Quantitative photothermal modeling of gold NR tumor heating. A, three-dimensional finite element modeling of PEG-NR heating In vivo. Simulated three-dimensional temperature distributions matching the four-dimensional thermographic time points for PEG-NR (top) and control tumor irradiation (bottom). B, thermographically measured and simulated tumor surface temperatures over time for irradiation of PEG-NR or saline mice. C, simulated temperature increases various depths for PEG-NR-injected and saline-injected mice. By 5 min after the onset of irradiation, the entire PEG-NR tumor is predicted to have reached ablative temperatures of >60°, motivating the choice of this irradiation regimen for subsequent therapeutic trials.

Figure 6

Photothermal destruction of human tumors in mice using long-circulating gold NRs. A, mice harboring two MDA-MB-435 human tumors on opposite flanks were injected with either saline or PEG-NRs.
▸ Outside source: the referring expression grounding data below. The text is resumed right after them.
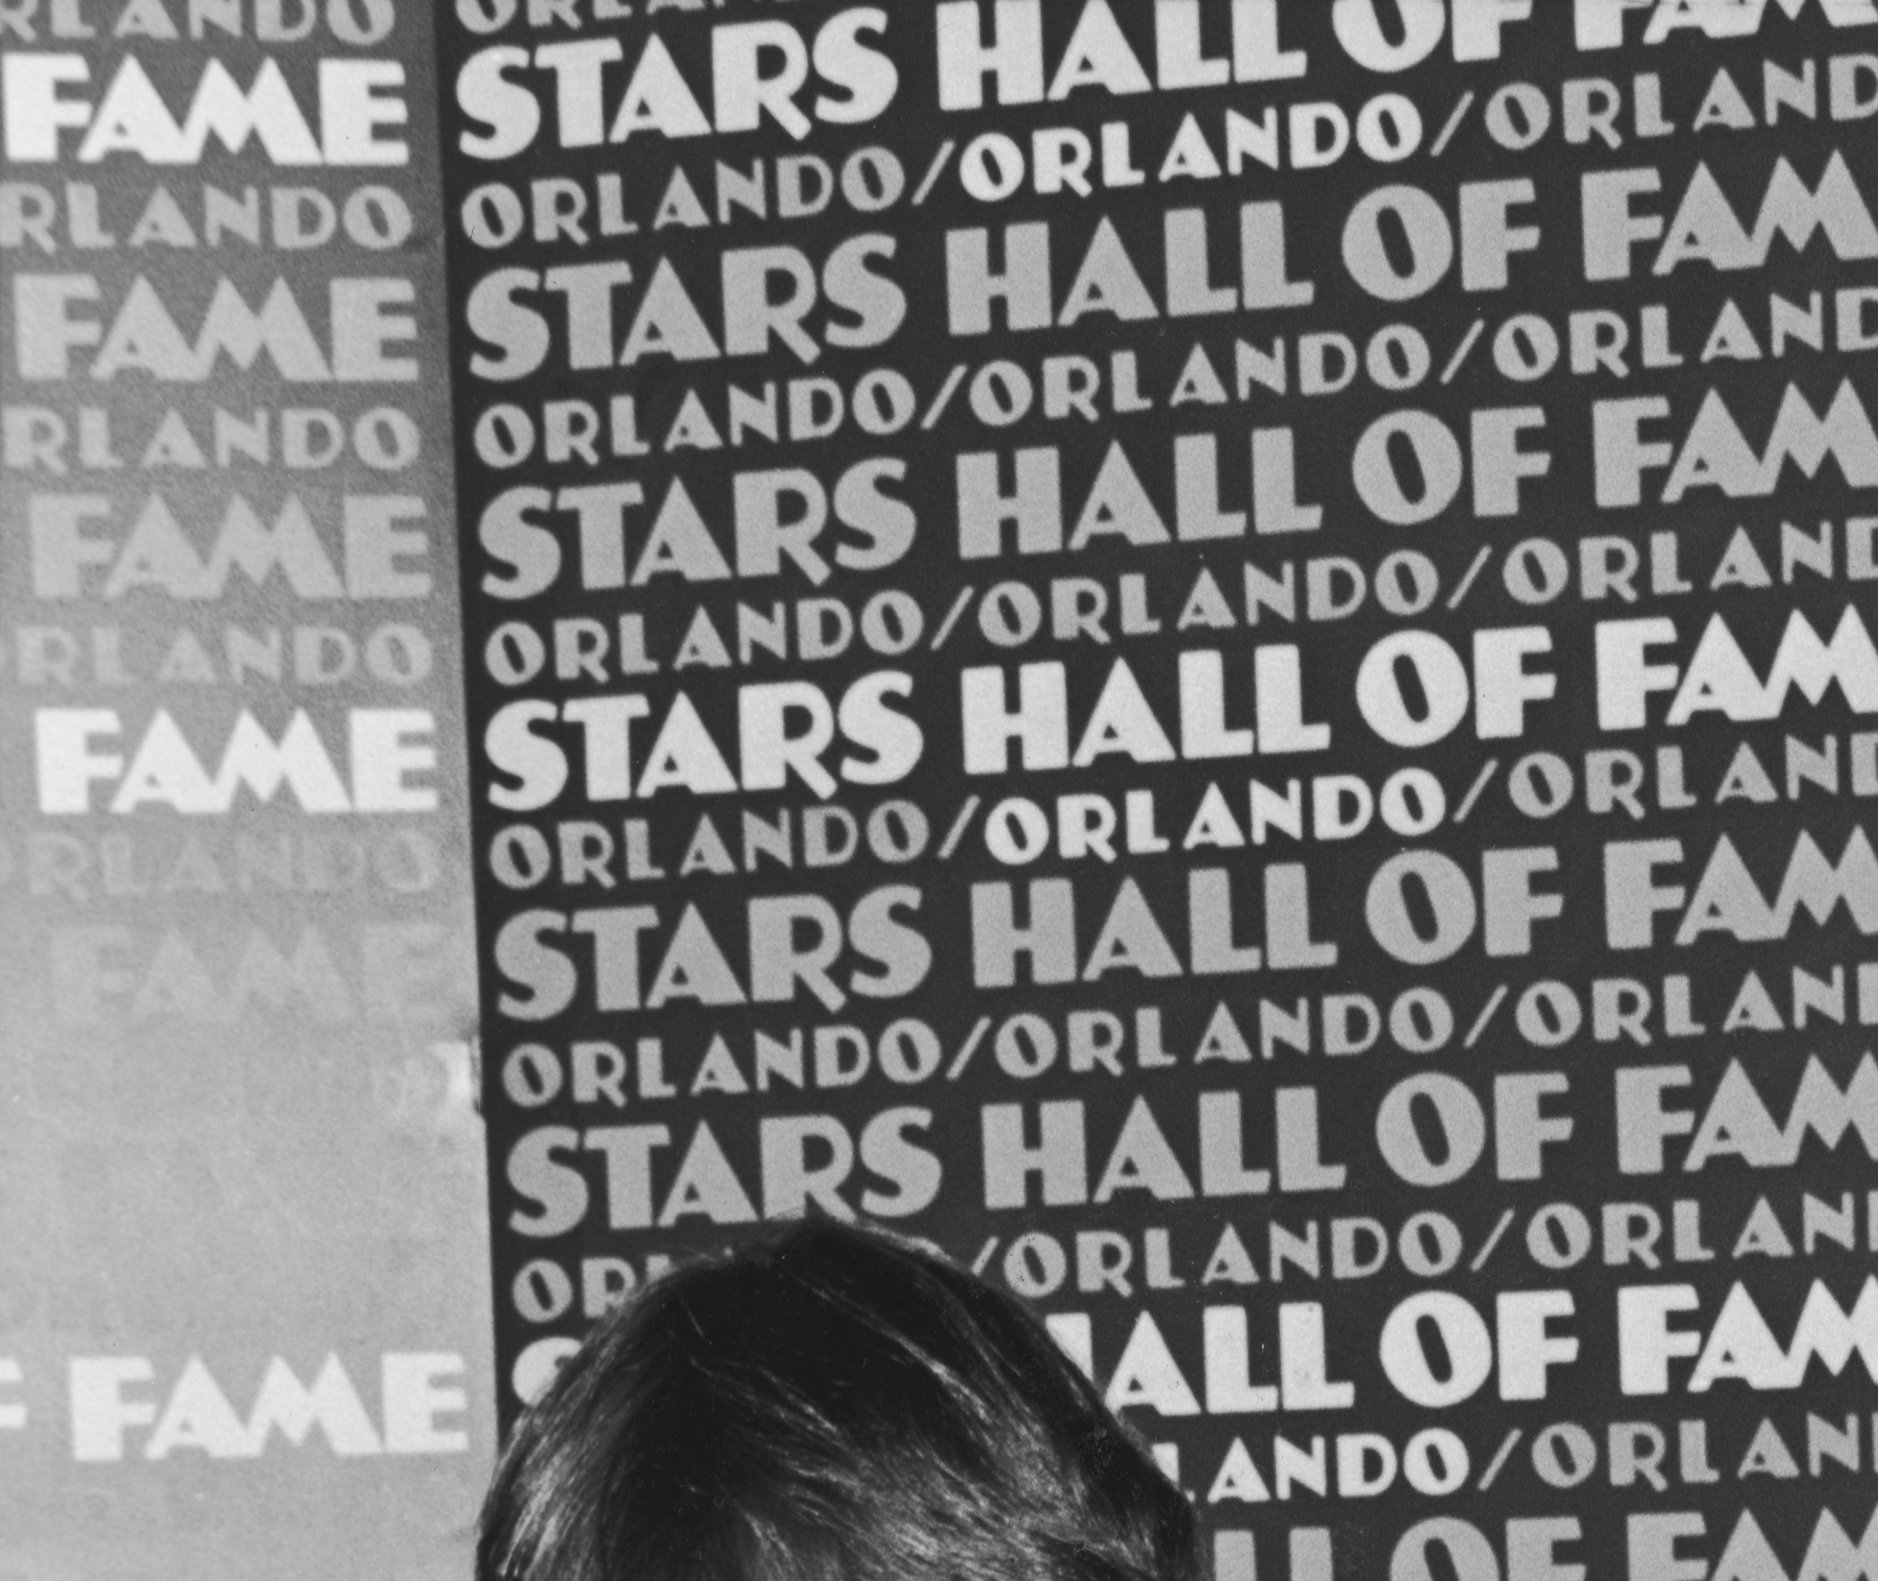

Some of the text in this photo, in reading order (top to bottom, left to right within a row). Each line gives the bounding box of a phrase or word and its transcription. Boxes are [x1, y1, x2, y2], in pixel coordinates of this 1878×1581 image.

[4, 54, 409, 166] FAME
[457, 8, 898, 159] STARS
[937, 0, 1306, 110] HALL
[15, 275, 419, 383] FAME
[467, 233, 906, 380] STARS
[946, 201, 1314, 335] HALL
[1342, 179, 1540, 300] OF
[29, 493, 432, 600] FAME
[480, 458, 916, 599] STARS
[957, 427, 1322, 558] HALL
[1352, 407, 1550, 524] OF
[34, 708, 440, 815] FAME
[486, 671, 923, 810] STARS
[962, 644, 1330, 774] HALL
[1356, 626, 1556, 747] OF
[496, 885, 931, 1019] STARS
[972, 864, 1337, 987] HALL
[1365, 847, 1563, 964] OF
[509, 1107, 941, 1235] STARS
[982, 1087, 1346, 1209] HALL
[1376, 1073, 1573, 1186] OF
[69, 1351, 469, 1462] FAME
[1380, 1290, 1578, 1407] OF
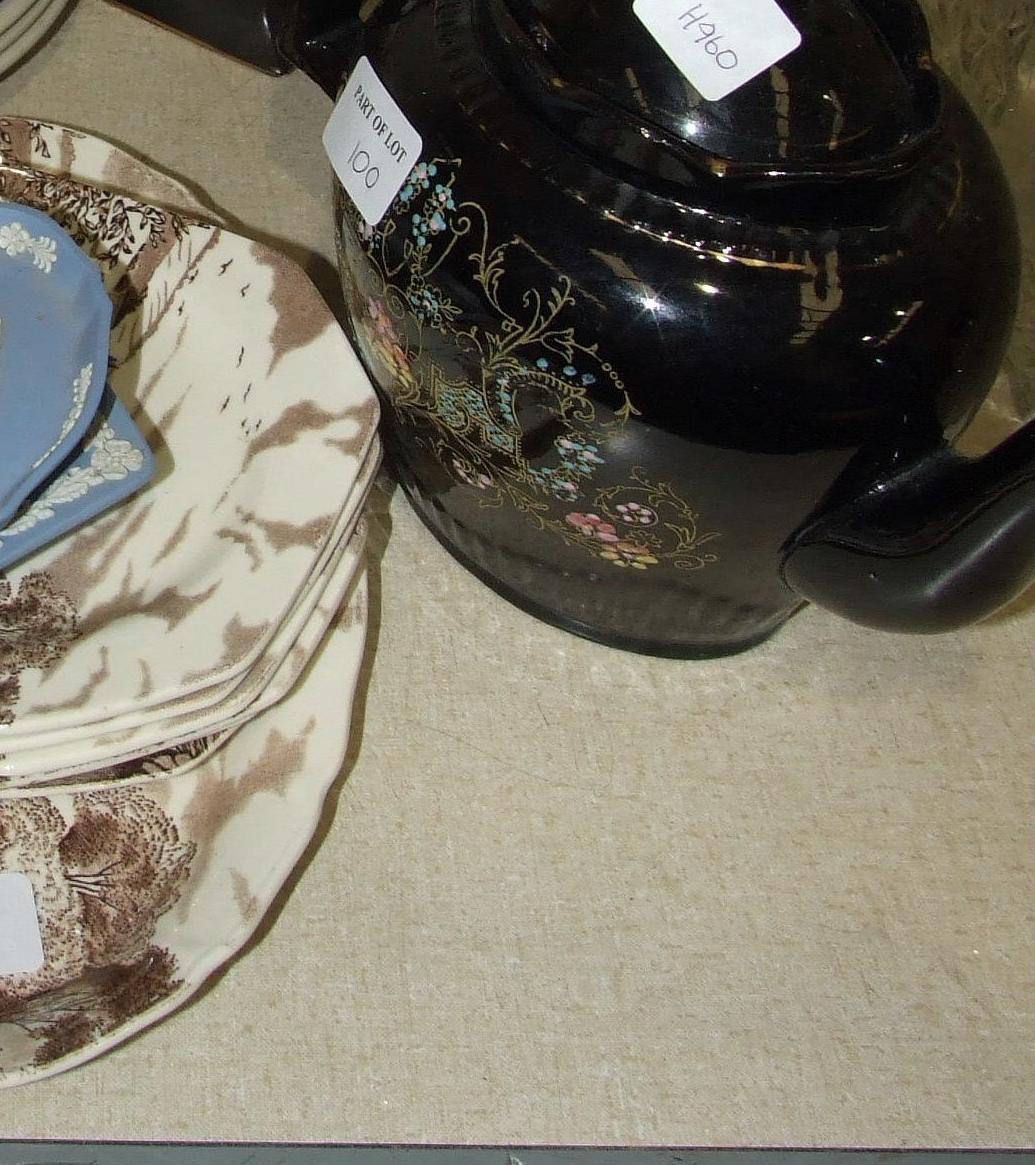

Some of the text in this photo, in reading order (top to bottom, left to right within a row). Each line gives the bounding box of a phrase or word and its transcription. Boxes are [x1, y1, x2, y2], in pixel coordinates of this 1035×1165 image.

[678, 3, 738, 70] H960
[353, 83, 408, 164] PART OF LOT
[347, 139, 380, 189] 100
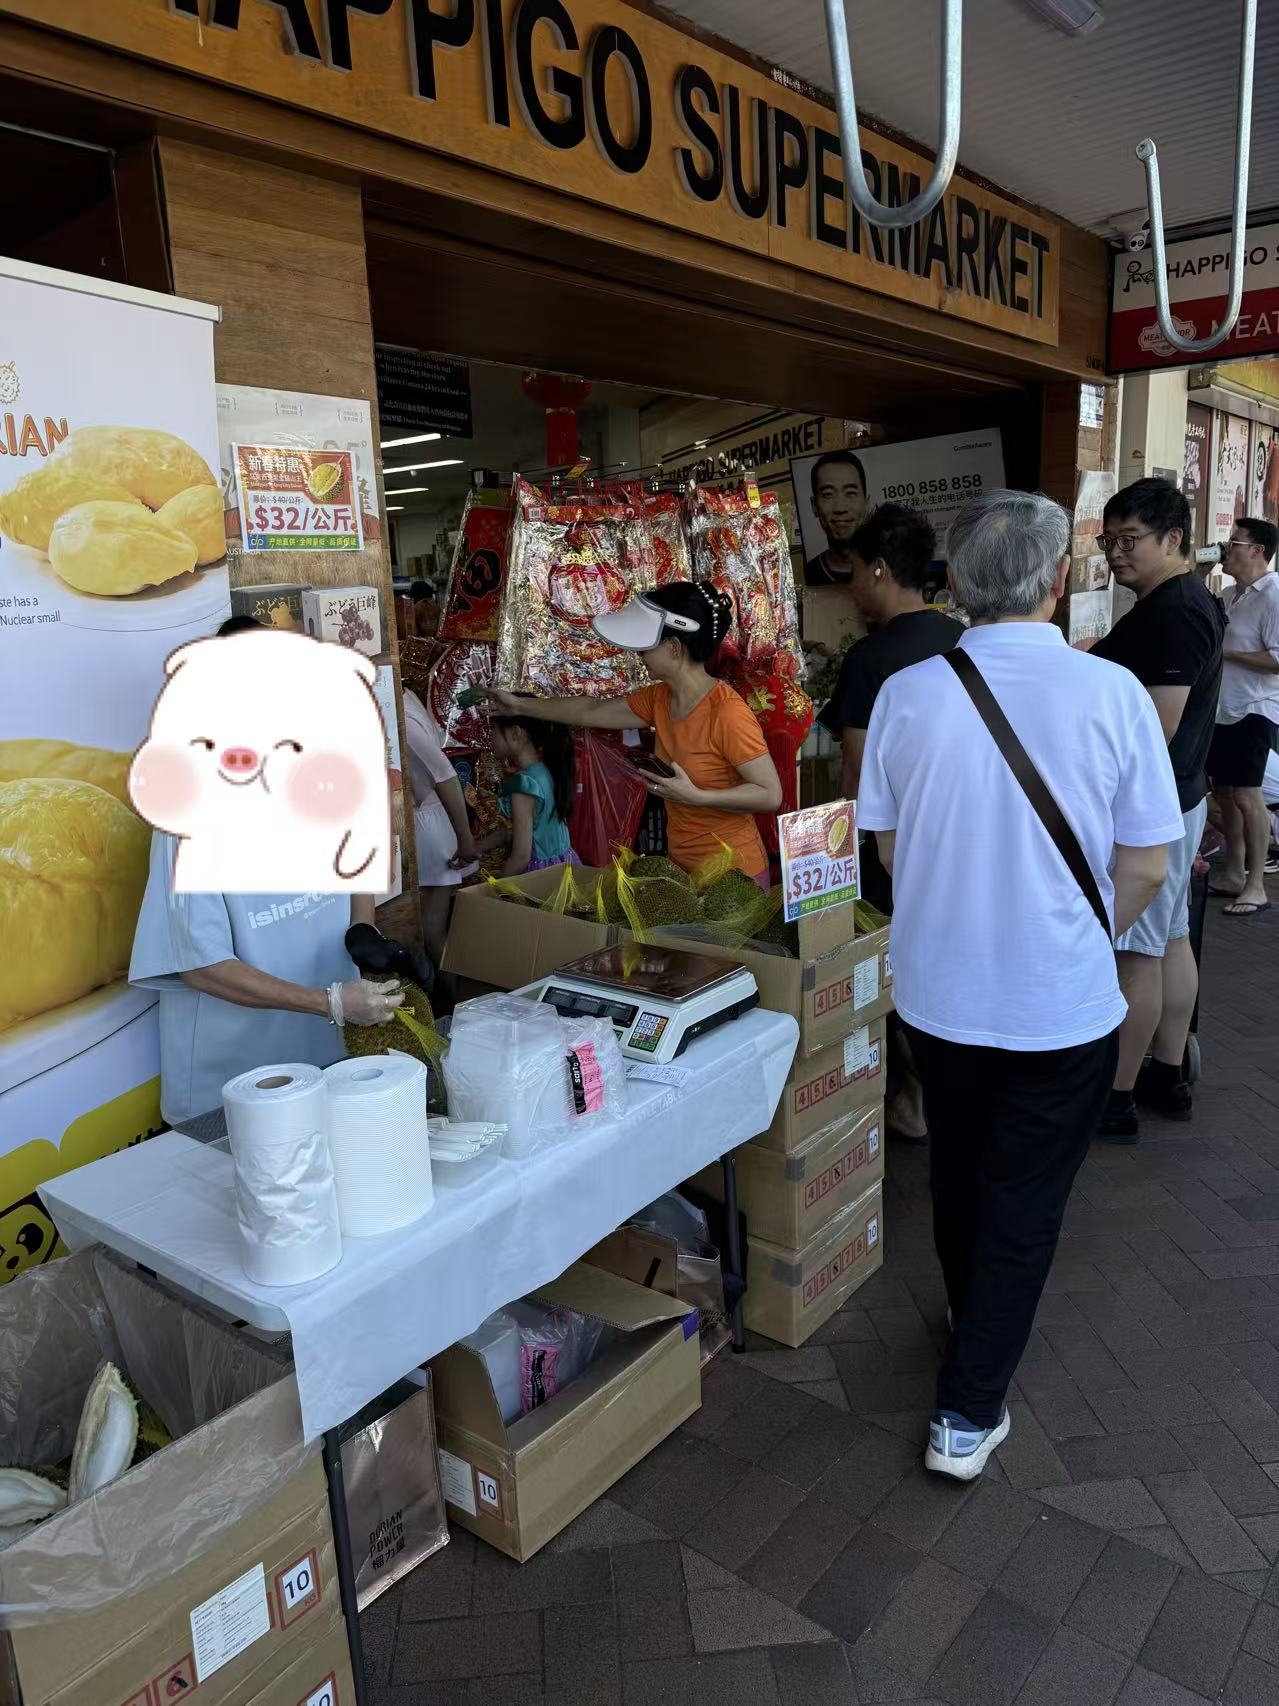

After PEG-NRs had cleared from circulation (72 h after injection), the right flank of each mouse was exposed to the computationally designed irradiation regimen (810nm, 2 W/cm², 5 min). Volumetric changes in tumor sizes are plotted over time after irradiation. B, mice harboring one MDA-MB-435 human tumor were injected with either saline or PEG-NRs and irradiated as in A. Survival of mice after irradiation is plotted versus time after irradiation. C, at 20d after irradiation, NIR-irradiated, all PEG-NR-injected mice showed only a minor scar and no evidence of tumor regrowth whereas all other treatment groups harbored thriving tumors.